Another help for the optimisation is provided by the time analysis backbone. Many important routines are timed internally, thanks to two calls to the timer routine timepw.F90 (one call at the entrance, one call at the exit). A final call to the routine timanalys.F90 provide a detailed analysis of the repartition of the CPU and Wall clock time, in the critical subroutines, or in the different levels of the code. Thanks to this tool, it is rather obvious what parts of the code should be optimized, and also what is going wrong when the code is ported to a new machine.
The last feature useful for developing the code is provided by the statistics of the make command, in the directory ~abinit. This allows to make sure that no file is getting too big to be easily manipulated, and indicate when a file is to be splitted (see ~abinit/doc/developers/rules_coding).

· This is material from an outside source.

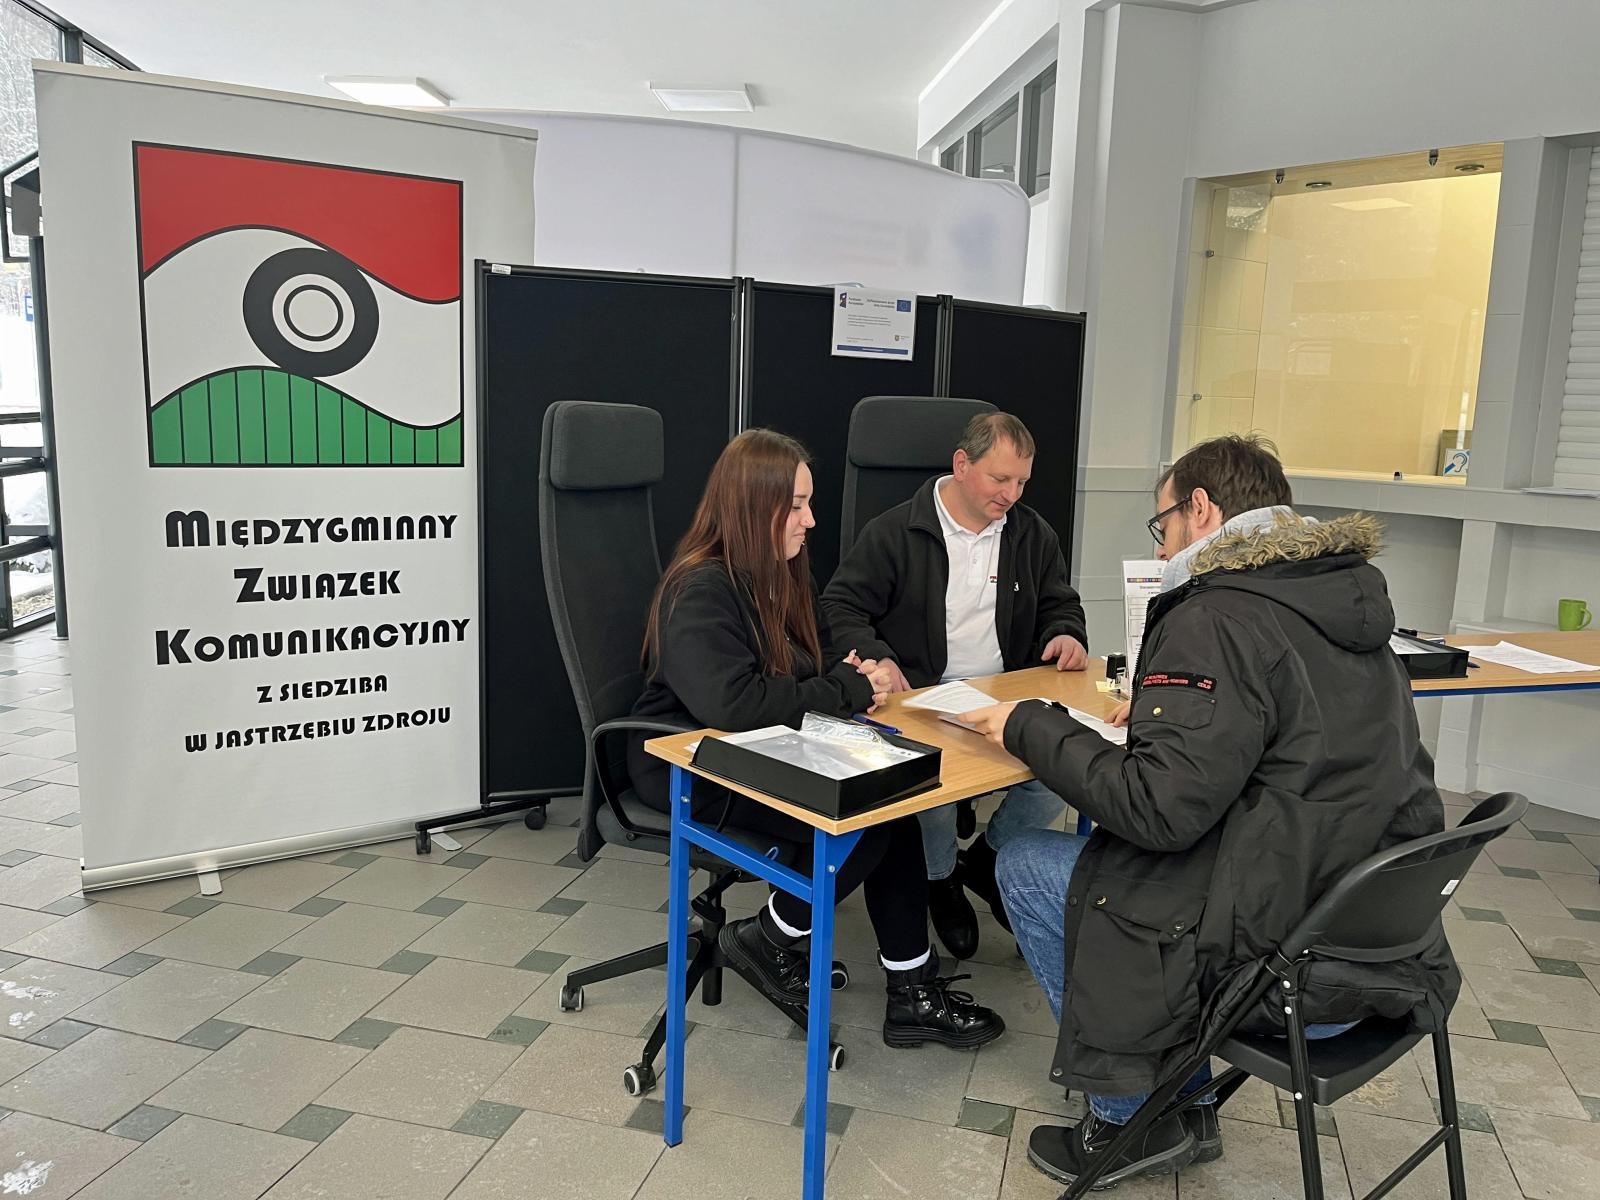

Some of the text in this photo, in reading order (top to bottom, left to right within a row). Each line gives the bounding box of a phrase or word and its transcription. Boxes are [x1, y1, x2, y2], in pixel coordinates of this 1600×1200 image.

Of course, it is important that adequate care is taken to implement these features in newly developed parts of the code. It is thus expected that the developer read the subroutines wrtout.F90, leave_new.F90, timepw.F90, and eventually timanalys.F90, status.F90, and memory.F90. It is advised also to read the subroutine getghc.F90 (the latter, for an idea of the usage of the prtvol=-level debugging option, there for prtvol=-10).
Beyond the big main routines presented in section B, and the different routines for timing, debugging and statistics of section C, other routines in ~abinit/src may be worth to learn about…
There is a whole set of routines for the treatment of strings of characters (they should be described shortly in a next version): appdig.F90, fappnd.F90, inarray.F90, incomprs.F90, inread.F90, inreplsp.F90, inupper.F90, subchr.F90
Routines for numerical derivation and/or integration : ctrap.F90, der_int.F90
Some Numerical functions
Routines related to symmetries and brillouin zone (should be described) : chkgrp.F90, chkibz.F90, cnstti.F90, fixsym.F90, irrzg.F90, setsym.F90, strsym.F90, sygrad.F90, symatm.F90, symchk.F90, symdet.F90, symg.F90, symrhg.F90, symzat.F90
Vector operations :
3×3 matrix inversion (integer and real) : mati3inv.F90, matr3inv.F90
Other (should be described) : clsopn.F90, fxphas.F90, hermit.F90, iseq.F90, isfile.F90, mkkin.F90, mkrdim.F90, prmat.F90, randac.F90, xredxcart.F90
As for the utility subroutines, the developer should be aware of the routines available from the libraries, and use them instead of coding something with the same purpose.
The Lapack library contains a matrix diagonalizer, zhpev.F90, that is needed many times in the code. Presently, this is the only entry point in the Lapack library. The Blas routines are used by Lapack, but are not directly called by ABINIT. Only the specific subset of Lapack and Blas, needed to support zhpev.F90, is present in ABINIT.